While there's more than a smattering of histrionics in Piketty's comments, there's also a core truth: A chunk of Greece's debts will need to be forgiven in the not-too-distant future to avoid a European democracy joining the ranks of the world's failed states.

The Euro's Existential Crisis

Piketty contends that the 1953 London Debt Agreement, signed at a conference where 20 creditor nations led by the U.S., U.K. and France agreed to write off more than half of Germany's debts, should be a blueprint for Greece and other indebted euro region nations. Germany had debts worth more than 200 percent of its gross domestic product when World War II ended in 1945; a combination of inflation, taxation on private wealth and debt forgiveness shrank that to less than 20 percent in the space of a decade, setting the scene for Germany's rebirth as an economic powerhouse, according to Piketty.

Comparing the war-ravaged German economy with Greece is more than a bit of a stretch. As my colleague Leonid Bershidsky argued in January, half of what Germany owed predated the war, and a chunk of its debt had been imposed in the crippling reparations imposed at Versailles after the first World War. Greece, by contrast, has gotten itself into trouble by living beyond its means, albeit aided and abetted by its membership of the euro.

Still, with Greece's debts worth about 180 percent of its GDP, the country's creditors are unlikely to get all of their money back. French Finance Minister Michel Sapin said Monday on Europe 1 radio that "discussions on the debt are not taboo." Cyprus President Nicos Anastasiades, who knows a thing or three about how capital controls can hurt a country, said he supports changing the terms of Greece's debt load to make it sustainable. It makes sense to start talking about restructuring Greece's burdens.

With curious timing, the International Monetary Fund released a report on Greece's debt sustainability on Thursday, just before Greece's weekend referendum.

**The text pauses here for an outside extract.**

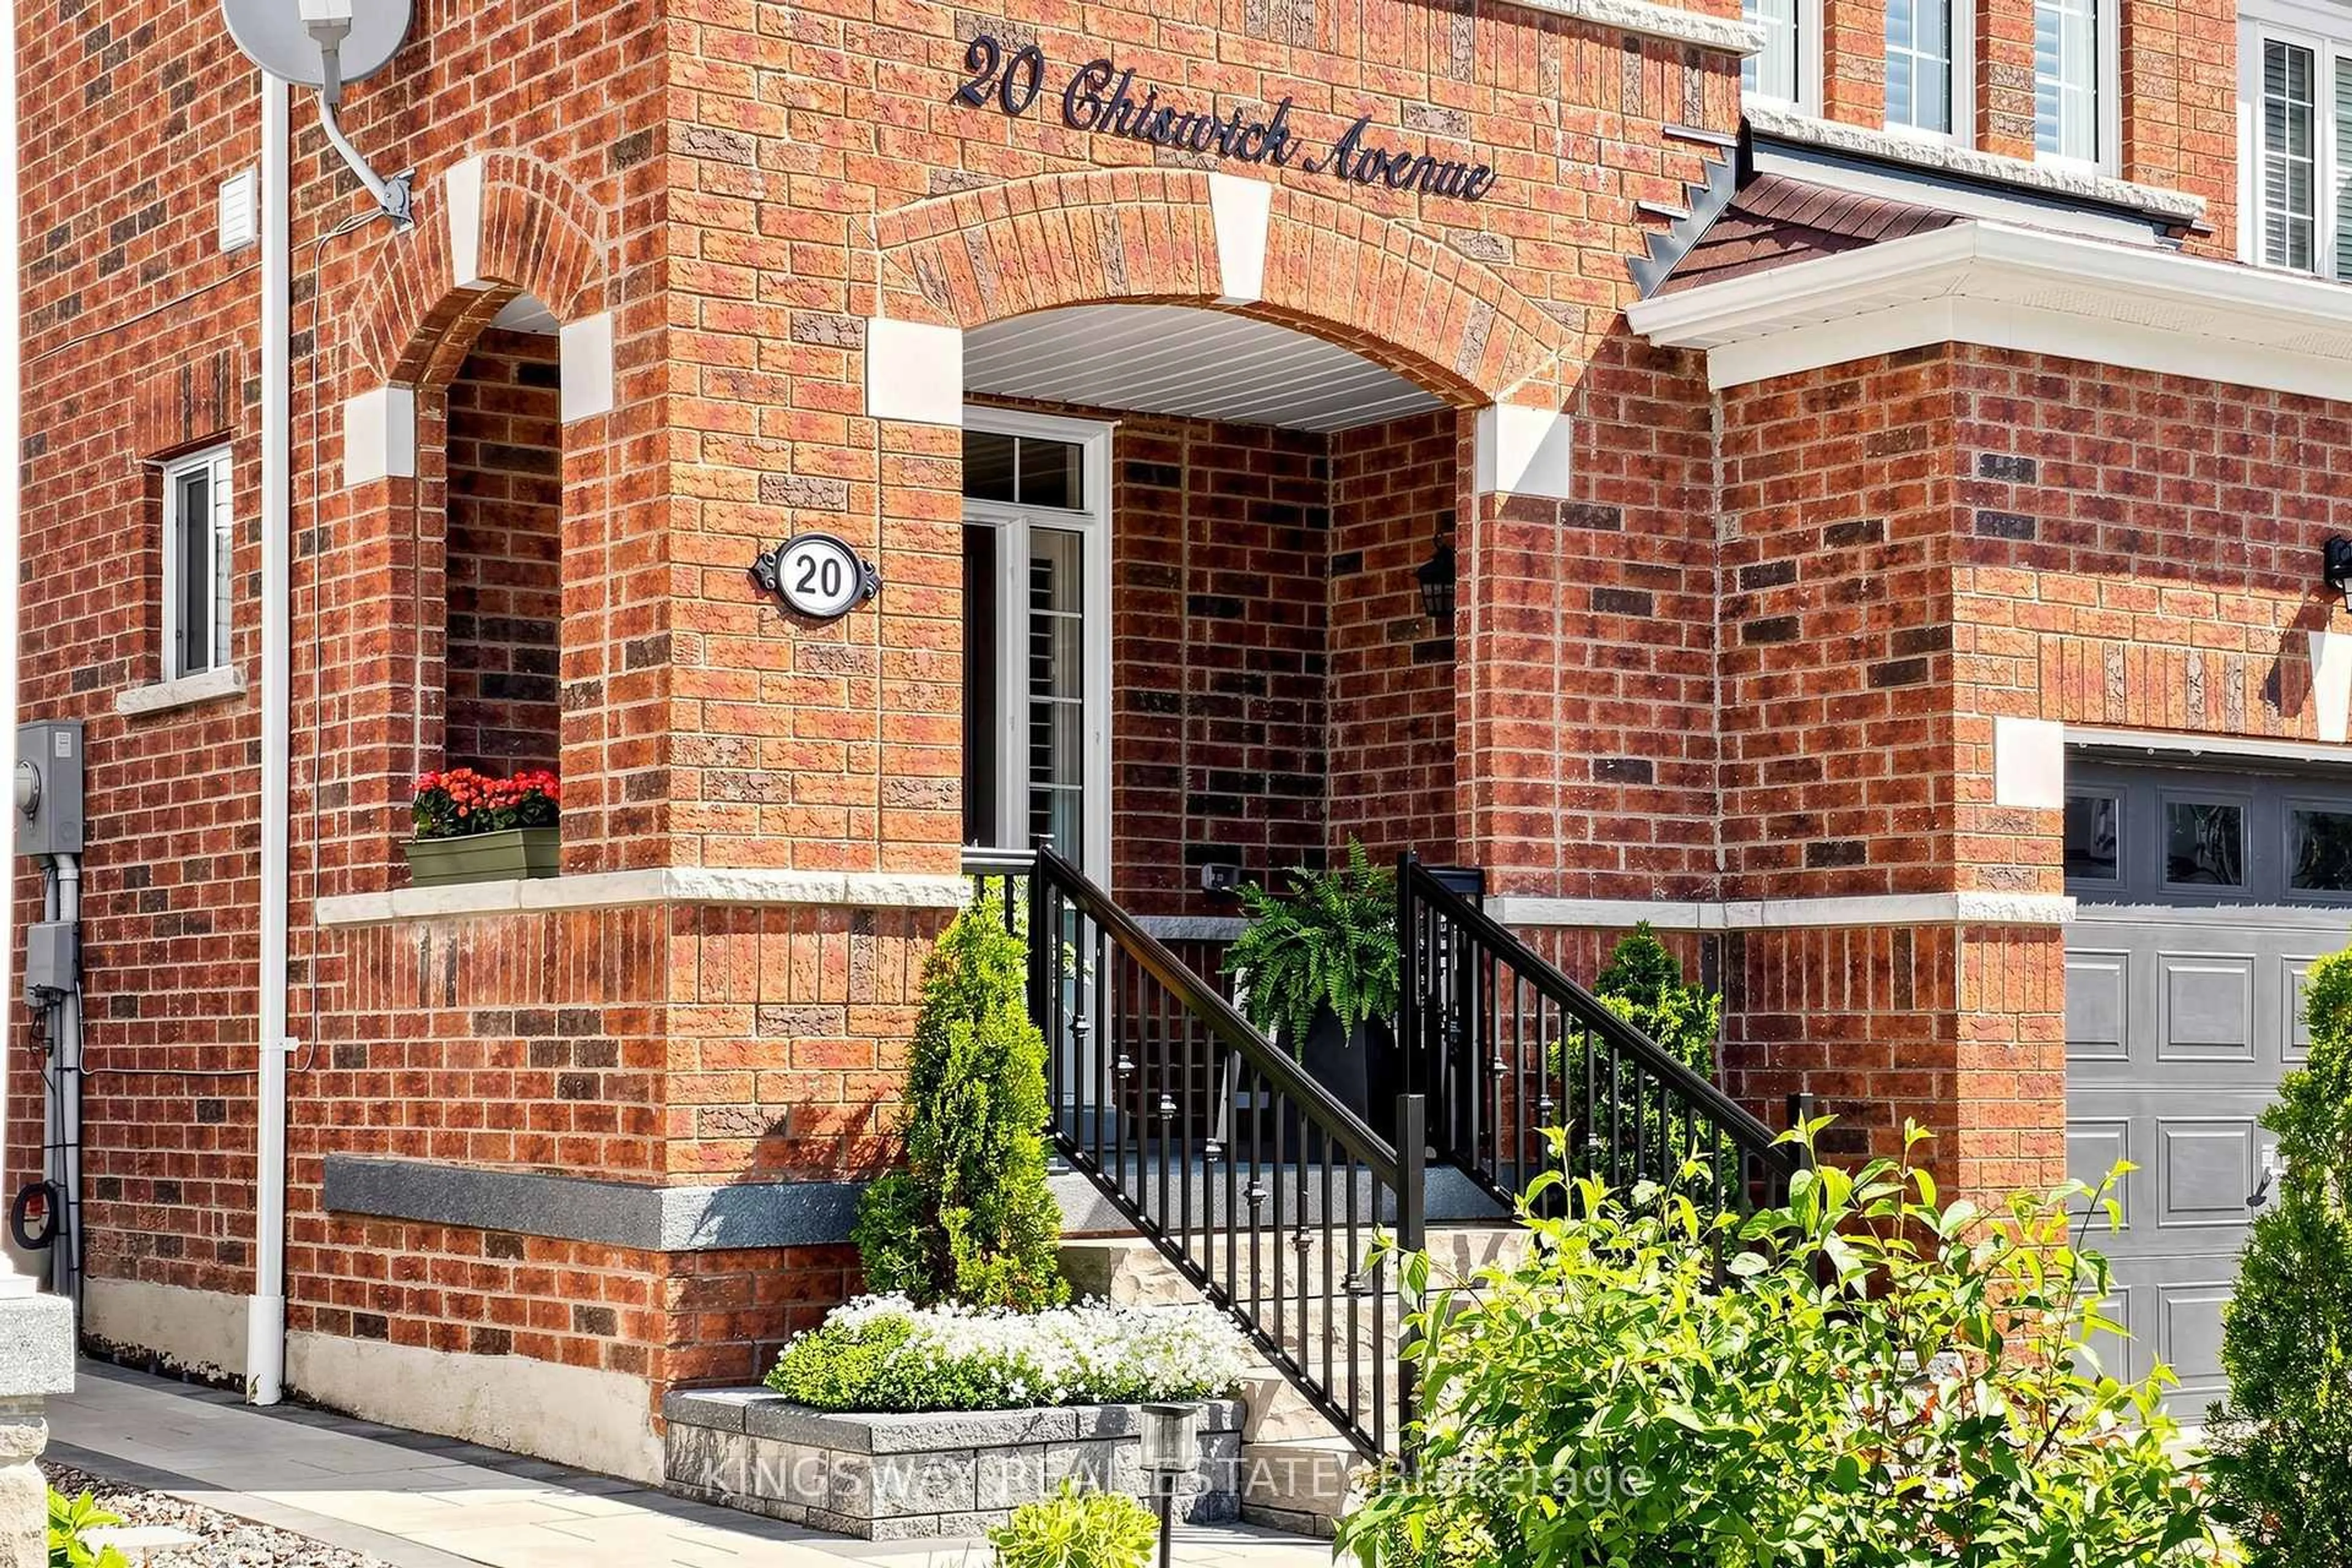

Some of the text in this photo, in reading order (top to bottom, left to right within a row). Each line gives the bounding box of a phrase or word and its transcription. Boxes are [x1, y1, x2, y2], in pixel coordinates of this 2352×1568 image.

[951, 36, 1497, 200] 20 Chiswick Avenue
[795, 554, 842, 598] 20
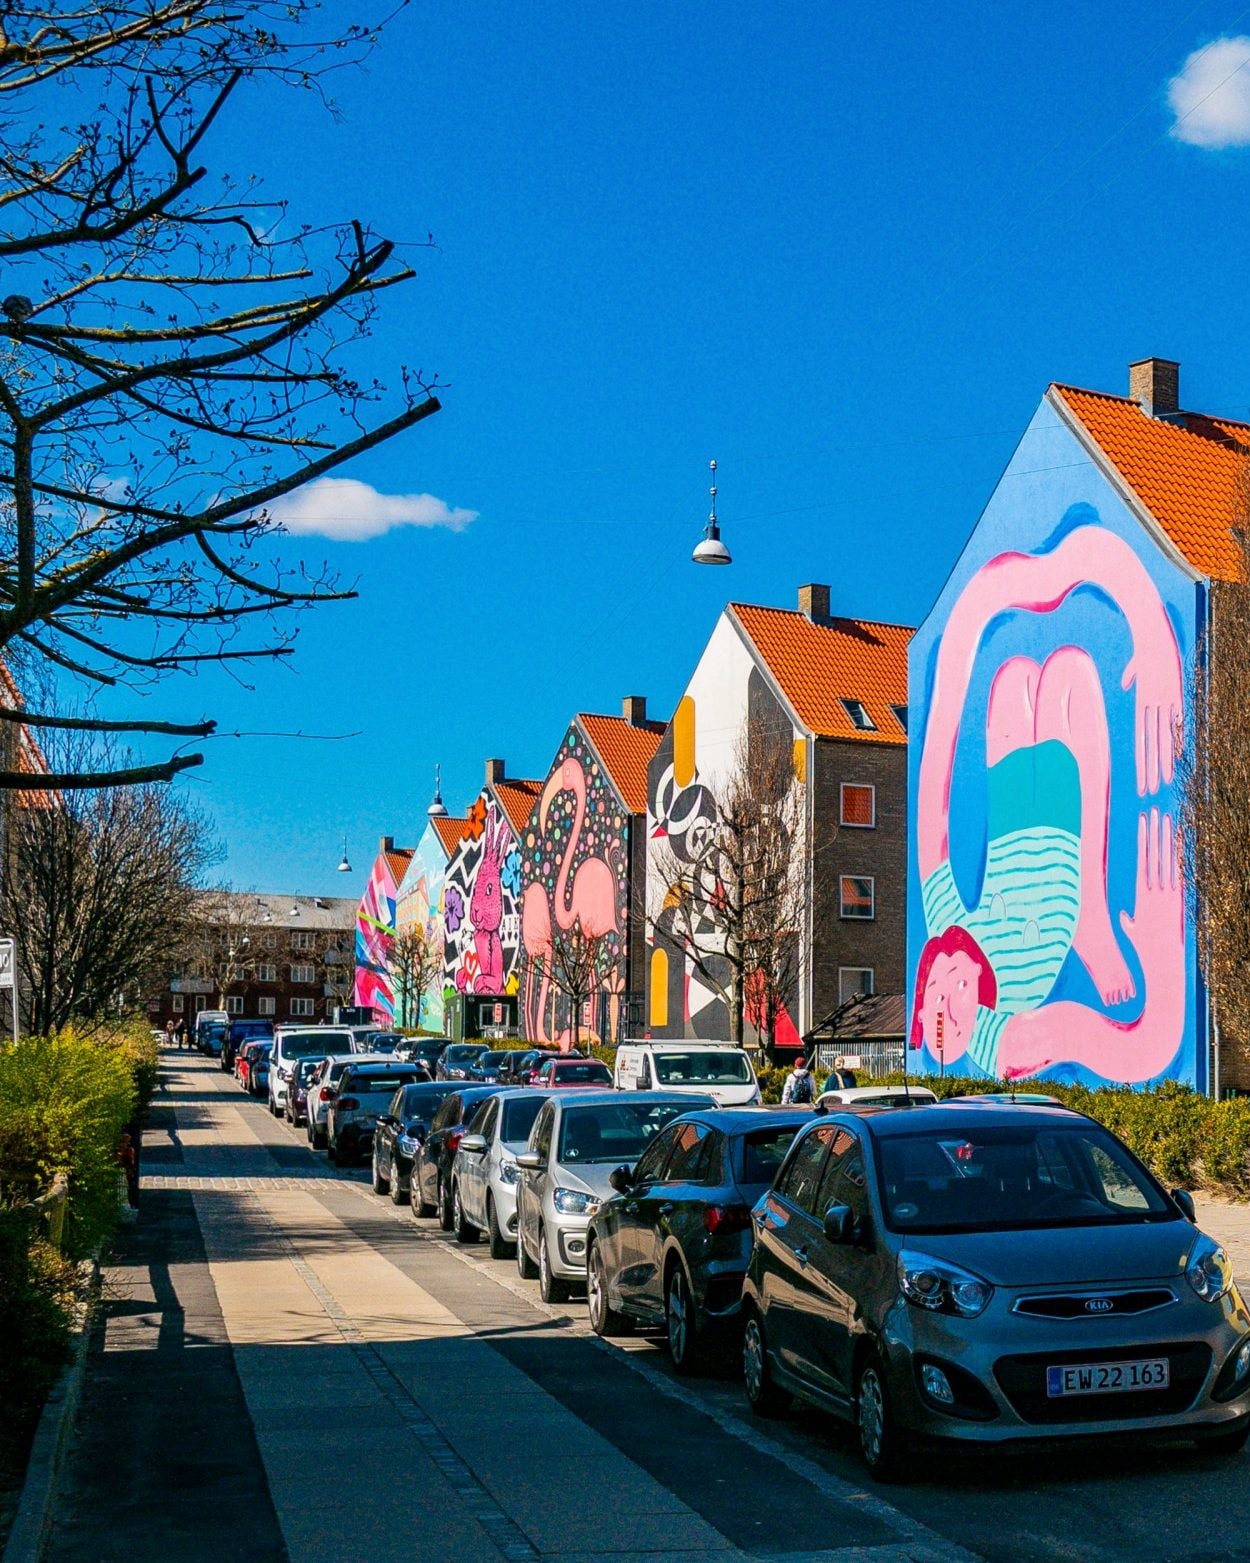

Greece, which is in arrears to the lending agency after failing to make a scheduled $1.7 billion payment last week, needs at least 36 billion euros ($40 billion) in the next three years from its euro region partners to stay afloat, the IMF said. Looking ahead, a deteriorating economy probably means debt relief will be required, the IMF said:

"If the package of reforms under consideration is weakened further -- in particular, through a further lowering of primary surplus targets and even weaker structural reforms --haircuts on debt will become necessary."

new paper released last week by Carmen Rheinhart of the Harvard Kennedy School and Christoph Trebesch at the University of Munich suggests debt forgiveness can successfully put an economy back on track. Their study of 48 defaults and restructurings in the past century suggests debt relief can boost per-capita GDP in advanced economies by 20 percent in the five years after forgiveness takes effect -- but there's a significant caveat:

"We only find significant improvements in growth and ratings if the deal involves face value debt reductions. Rescheduling operations with maturity extensions and interest reductions were not followed by a significant improvement in economic growth."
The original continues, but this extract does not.